◆ Work instruction ◆
Would you print the lines below exactly, beginning at the line that has "this 1600×1067 image." and stopping after the line that has "this 1600×900 image."? Only those lines, and no pictures.

========================================

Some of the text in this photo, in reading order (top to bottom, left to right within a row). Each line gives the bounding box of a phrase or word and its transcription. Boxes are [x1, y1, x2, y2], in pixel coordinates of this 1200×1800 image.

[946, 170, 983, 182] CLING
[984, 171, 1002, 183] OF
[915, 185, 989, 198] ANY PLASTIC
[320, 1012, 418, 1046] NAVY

========================================

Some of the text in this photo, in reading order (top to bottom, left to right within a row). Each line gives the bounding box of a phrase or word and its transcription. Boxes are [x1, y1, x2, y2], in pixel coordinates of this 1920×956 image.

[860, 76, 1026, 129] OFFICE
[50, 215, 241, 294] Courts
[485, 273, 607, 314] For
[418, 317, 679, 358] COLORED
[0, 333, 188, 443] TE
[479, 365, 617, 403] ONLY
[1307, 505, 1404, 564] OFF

========================================

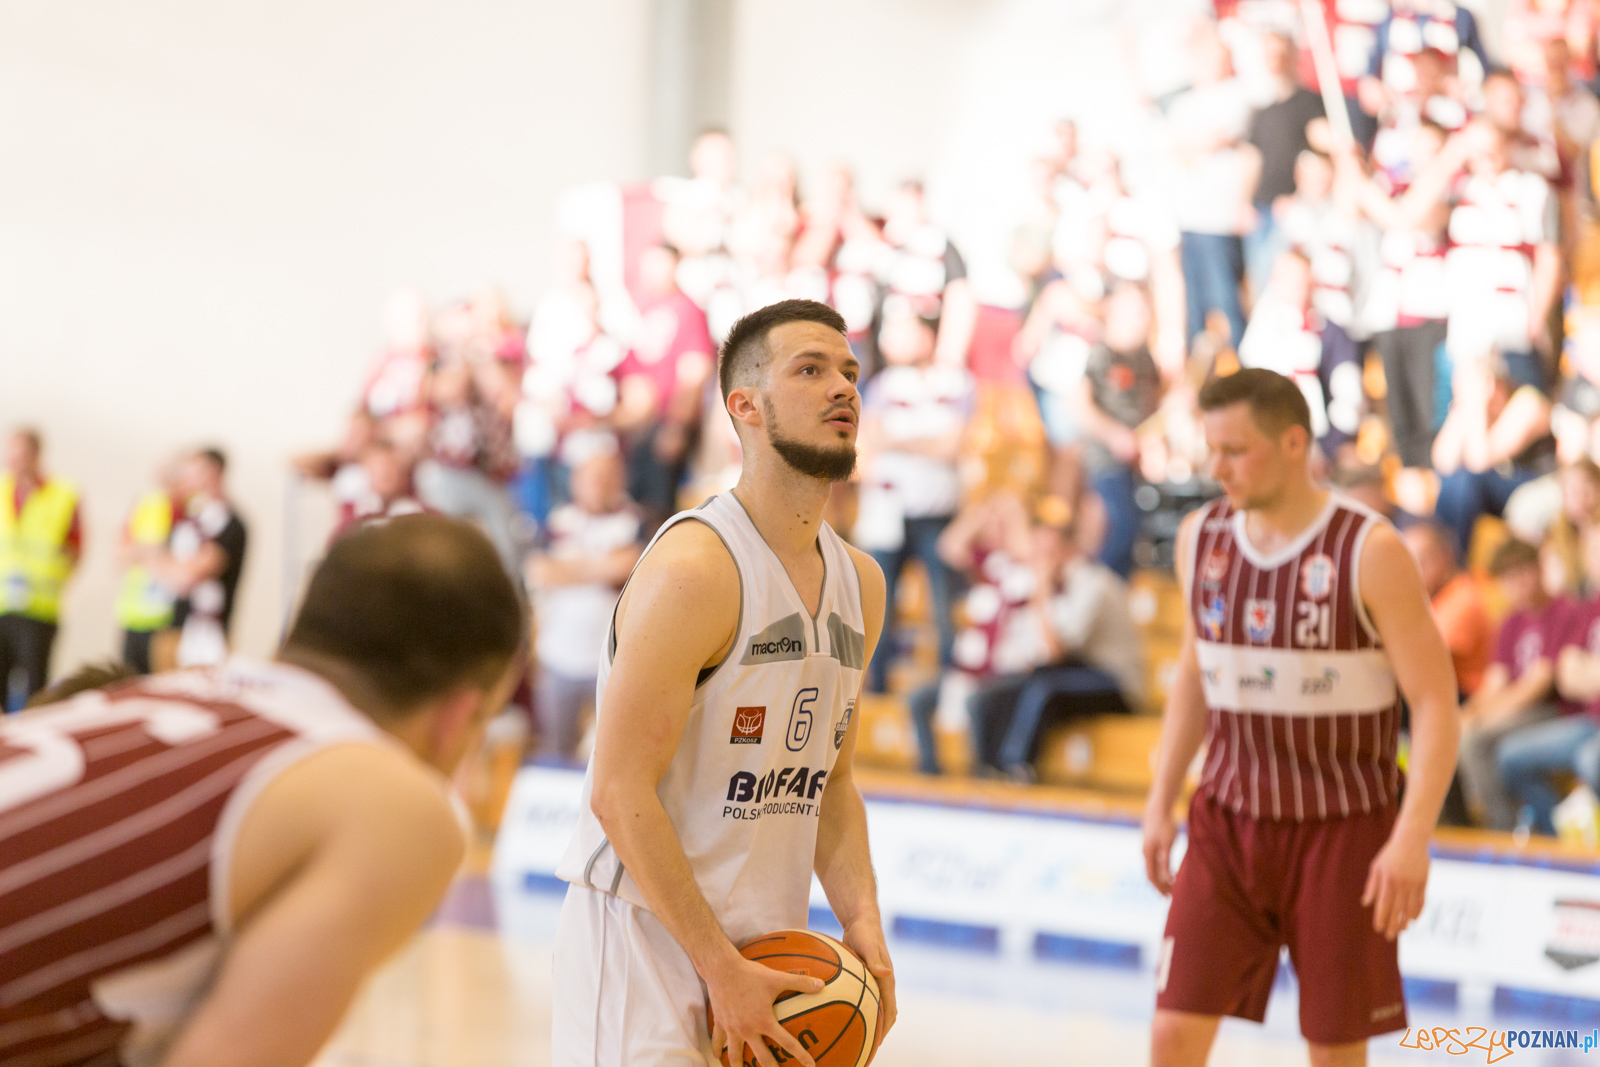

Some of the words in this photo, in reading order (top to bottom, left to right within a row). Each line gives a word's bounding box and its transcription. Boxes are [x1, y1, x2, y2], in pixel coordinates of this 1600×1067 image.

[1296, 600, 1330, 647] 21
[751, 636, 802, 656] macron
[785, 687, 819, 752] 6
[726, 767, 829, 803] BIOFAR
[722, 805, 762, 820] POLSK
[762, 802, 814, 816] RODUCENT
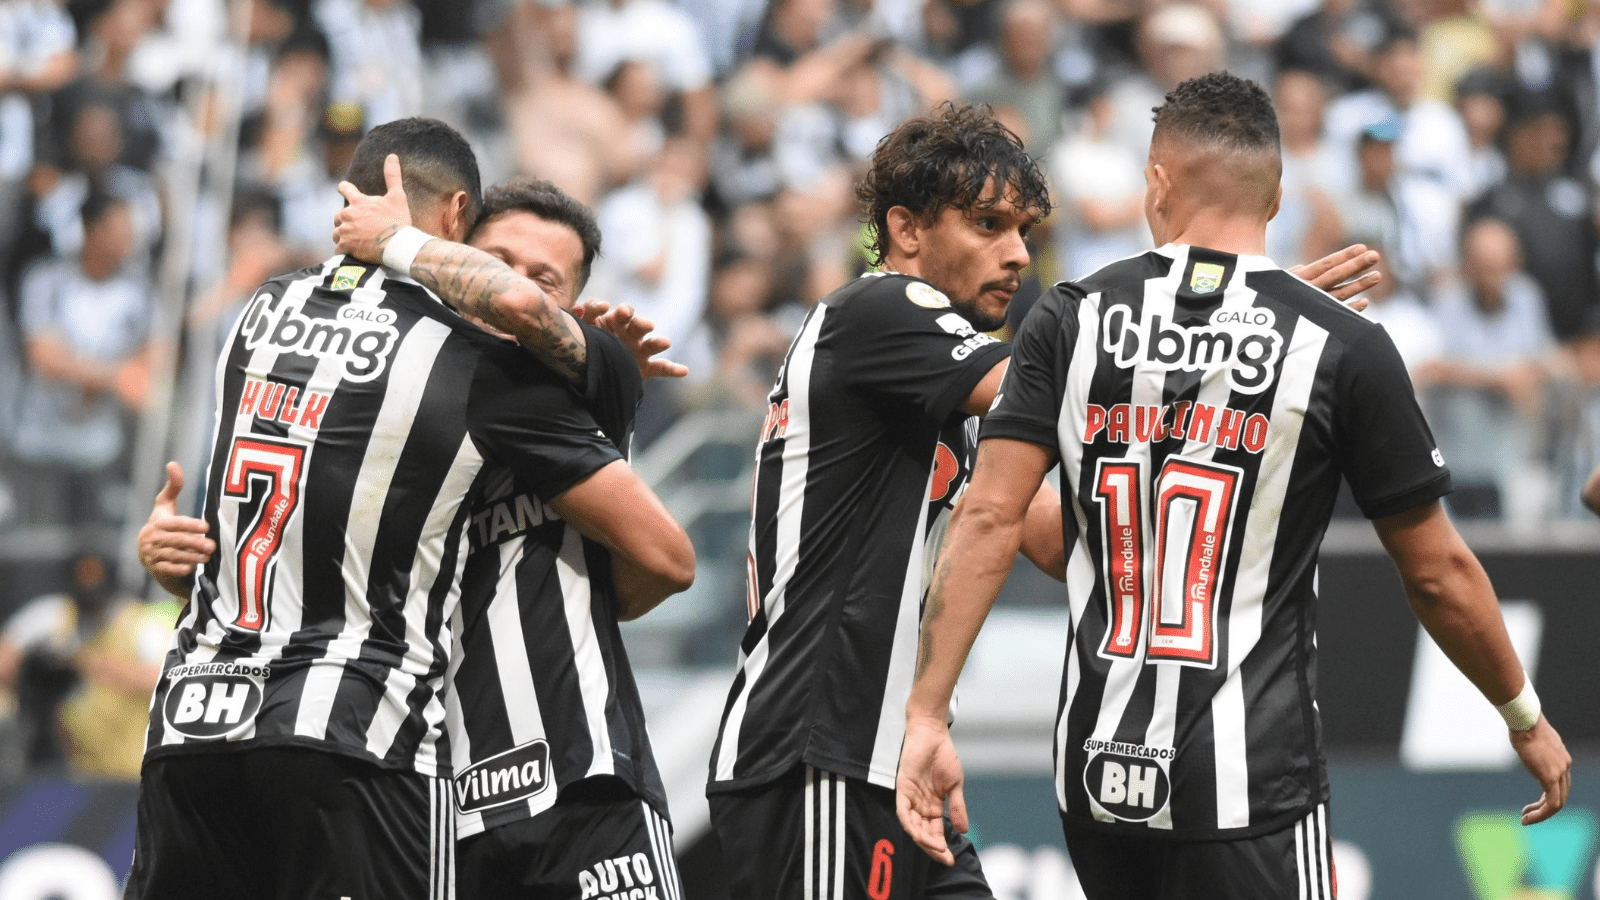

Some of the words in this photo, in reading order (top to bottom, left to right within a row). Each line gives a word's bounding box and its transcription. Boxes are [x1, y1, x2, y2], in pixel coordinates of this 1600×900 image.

========================================

◆ Response box ◆
Some of the words in this photo, in reading order (top to bottom, left to right within a row). Each line gives a word's bounding box and its transcription. Boxes are [x1, y1, x2, y2], in pixel coordinates of this 1600×1067 image.

[1296, 600, 1330, 647] 21
[751, 636, 802, 656] macron
[785, 687, 819, 752] 6
[726, 767, 829, 803] BIOFAR
[722, 805, 762, 820] POLSK
[762, 802, 814, 816] RODUCENT

Some of the words in this photo, in reading order (top to bottom, left to right within a row). Each line gives a word's bounding box and its transcription. Boxes are [x1, y1, x2, y2], in pixel coordinates of this 1600×900 image.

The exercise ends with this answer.